Abstract 387P
Background
Malignant pleural effusion (MPE) is a common condition associated with lung cancer. Prognosis is poor, especially given the challenges associated with accurately predicting survival. Thus, we constructed machine-learning models based on metabolomics to differentially diagnose MPE and predict 1-year mortality in lung cancer patients with MPE.
Methods
A total of 140 (85 with MPE and 55 with benign pleural effusion (BPE)) and 69 (40 and 29 with MPE and BPE, respectively) participants were collected in the discovery and independent multicentre validation cohorts, respectively. Following untargeted metabolomic analysis, logistic analysis and machine learning were utilised to identify metabolites associated with diagnosis and 1-year mortality in the MPE group. We established diagnostic algorithms in the discovery set and applied them to evaluate the results in the validation set. The functions of the candidate metabolites were confirmed in lung adenocarcinoma cell lines.
Results
Differential metabolites were observed in BPE and MPE and non-surviving and surviving groups. Seventy-one metabolites significantly differed between the MPE and BPE groups. There were 26 significantly altered metabolites in the non-surviving and surviving groups, particularly in arginine biosynthesis and phenylalanine metabolism.

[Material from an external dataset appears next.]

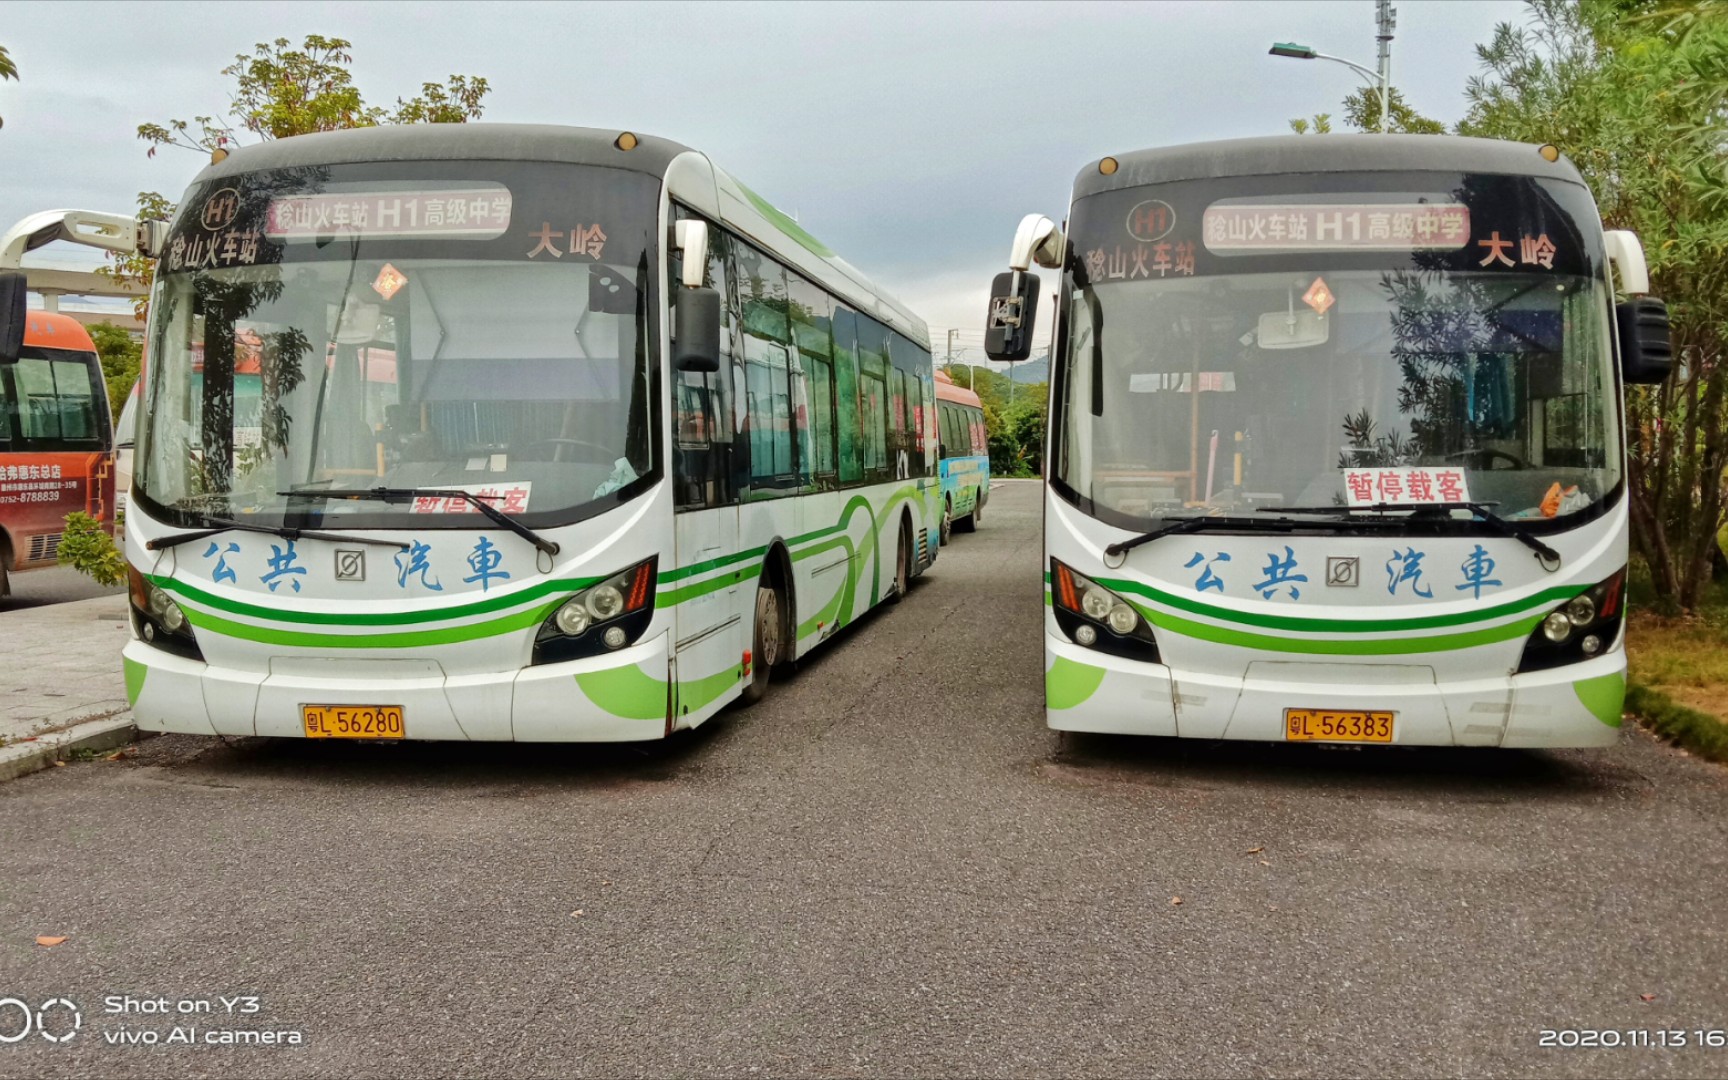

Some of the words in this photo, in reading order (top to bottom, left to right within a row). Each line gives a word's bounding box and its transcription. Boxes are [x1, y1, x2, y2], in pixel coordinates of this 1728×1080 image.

We developed algorithms for identifying MPE and BPE and predicting 1-year mortality in lung cancer patients with MPE. Palmitic acid significantly inhibited the proliferation of lung adenocarcinoma cell lines, indicating its anti-lung cancer function as a protective metabolite.
Conclusions
Based on novel machine learning-assisted metabolomics, we established models of higher accuracy than existing methods for predicting 1-year mortality in lung cancer patients with MPE.
Clinical trial identification
NCT05906823
Funding
National Natural Science Foundation of China
Disclosure
All authors have declared no conflicts of interest.